In 2020 the Move Forward opposition party questioned royal spending paid by government departments, including nearly 3 billion baht (89,874,174 USD) from the Defense Ministry and Thai police for royal security, and 7 billion baht budgeted for royal development projects, as well as 38 planes and helicopters for the monarchy. Previously, on June 16, 2018, it was revealed that Thailand's Crown Property Bureau transferred its entire portfolio to the new King Maha Vajiralongkorn.
Protestors In Bangkok Call For Political Prisoner Release
Freedom of speech at stake
"Article 112 shuts down all freedom of speech in this country", says Sirikan. "Even the political parties fear to touch the subject, so it blocks most things. This country cannot move anywhere if we still have this law."
The student activist herself was charged with lèse-majesté in September 2020, after simply citing a list of public documents that refer to royal family expenditure. Sirikan comes from a family that has faced the consequences of decades of political repression. Her grandfather, Tiang Sirikhan was a journalist and politician who openly protested against Thailand's involvement in World War II. He was accused of being a Communist and abducted in 1952. According to Sirikhan's family, he was killed by the state.
The new report was conducted by The International Federation for Human Rights (FIDH), Thai Lawyer for Human Rights (TLHR), and Internet Law Reform Dialogue (iLaw). It accuses Thai authorities of an increasingly broad interpretation of Article 112, to the point of "absurdity," including charges against people for criticizing the government's COVID-19 vaccine management, wearing crop tops, insulting the previous monarch, or quoting a United Nations statement about Article 112.
Juthatip Sirikan speaks in front of democracy monument.
Shift to social media
While in the past the Article was only used against people who spoke about the royals, it's now being used as an alibi for more general political repression — which has also spurred more open campaigning to abolish it. Sirikan recounts recent cases of police charging people for spreading paint near the picture of the king during a protest, or even just for having a picture of the king as phone wallpaper.
The more than a century-old law is now largely playing out online, where much of today's protest takes place in Thailand. Sirikan says people are willing to go further on social media to expose information such as how the king intervenes in politics and the monarchy's accumulation of wealth, information the mainstream media rarely reports on them.
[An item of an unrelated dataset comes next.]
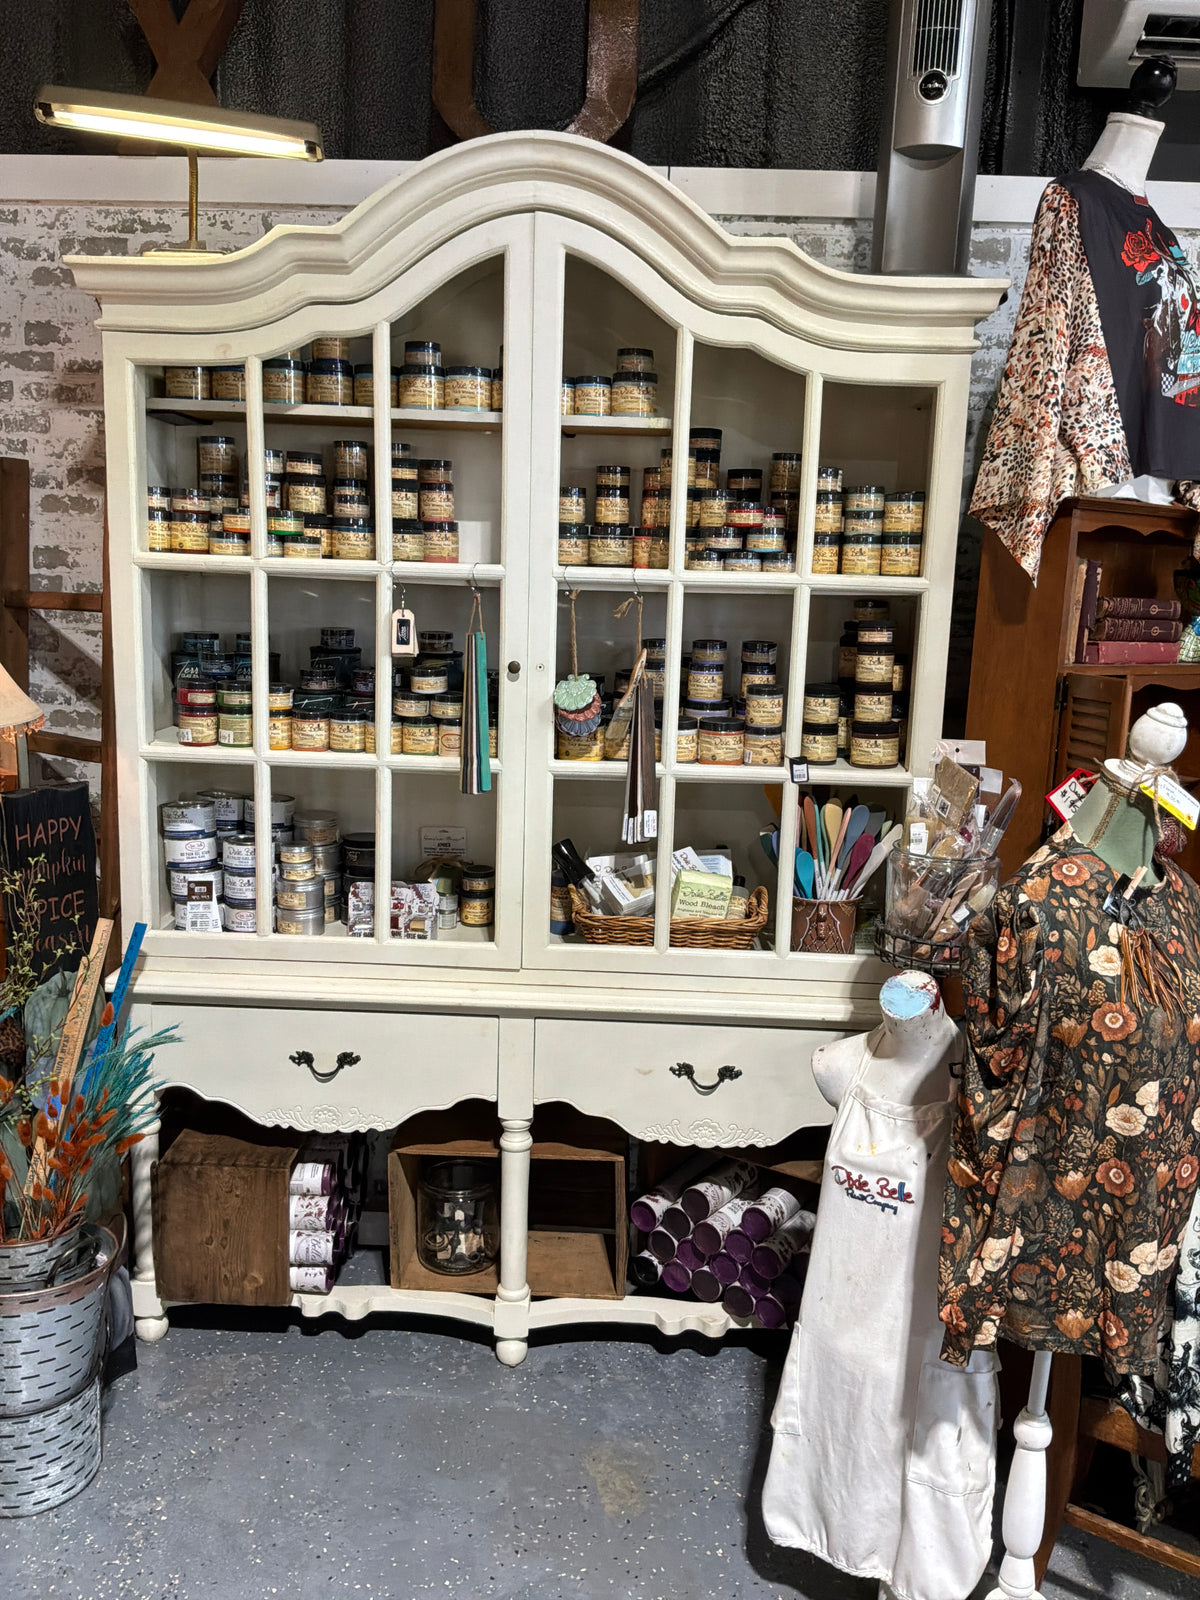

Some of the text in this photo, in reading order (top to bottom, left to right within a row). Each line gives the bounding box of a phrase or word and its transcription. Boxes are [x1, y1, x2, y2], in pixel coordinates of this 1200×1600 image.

[14, 815, 82, 851] HAPPY
[679, 898, 726, 911] Wood Bleach
[831, 1165, 915, 1204] Dixie Belle
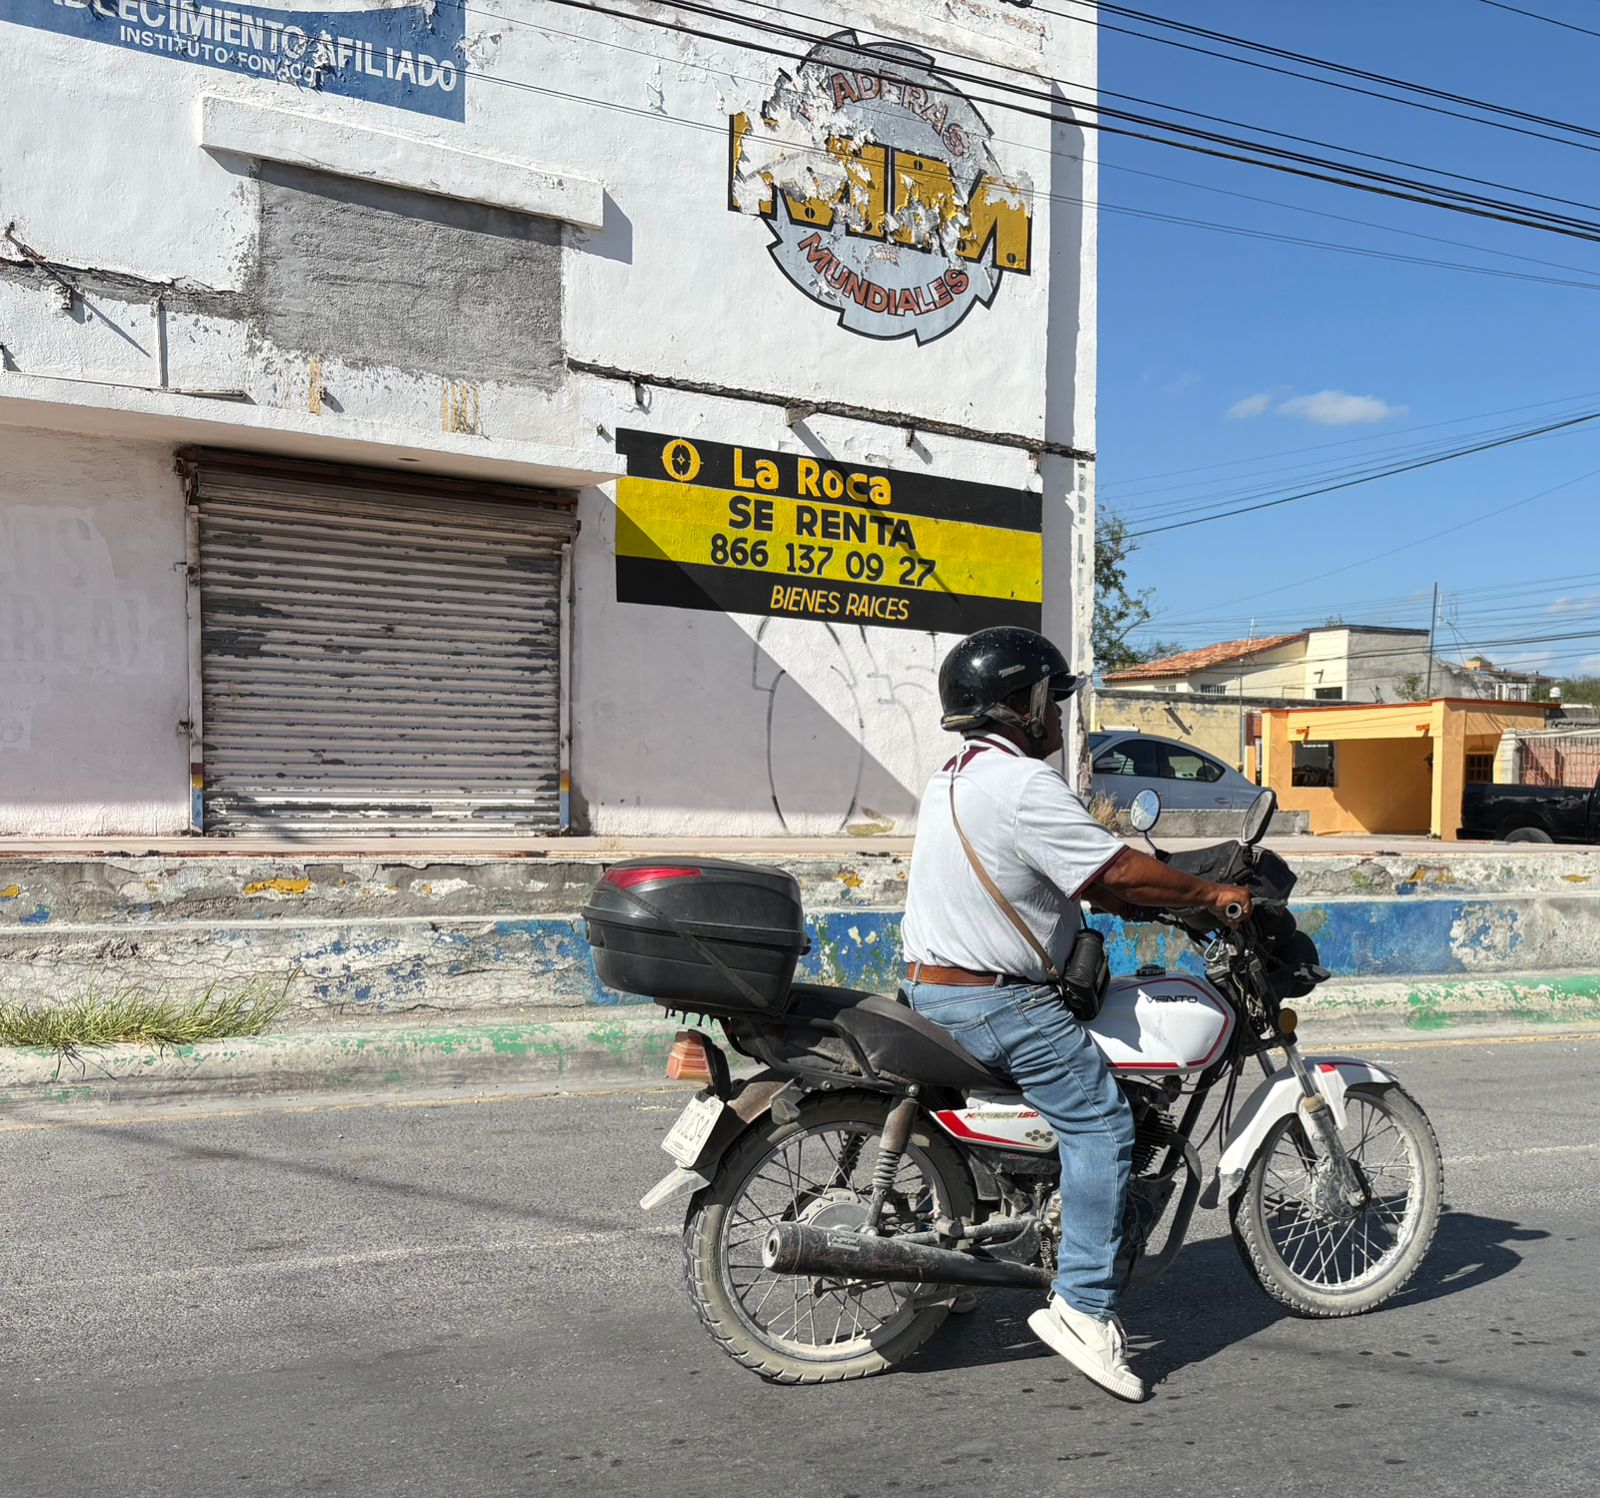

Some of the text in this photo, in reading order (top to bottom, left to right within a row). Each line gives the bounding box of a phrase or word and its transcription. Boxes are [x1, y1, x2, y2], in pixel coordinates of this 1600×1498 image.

Not surprisingly, however, social media is heavily monitored and the military is involved in Intelligence operations and cyber attacks against human rights defenders and critics of any kind. In October 2020, Twitter took down 926 accounts, linked to the army and the government, which promoted themselves and attacked political opposition, and this June, Google removed two Maps with pictures, names, and addresses, of more than 400 people who were accused of insulting the Thai monarchy. "They are trying to control the internet as well," Sirikan says. "They are trying to censor every content that they find a threat".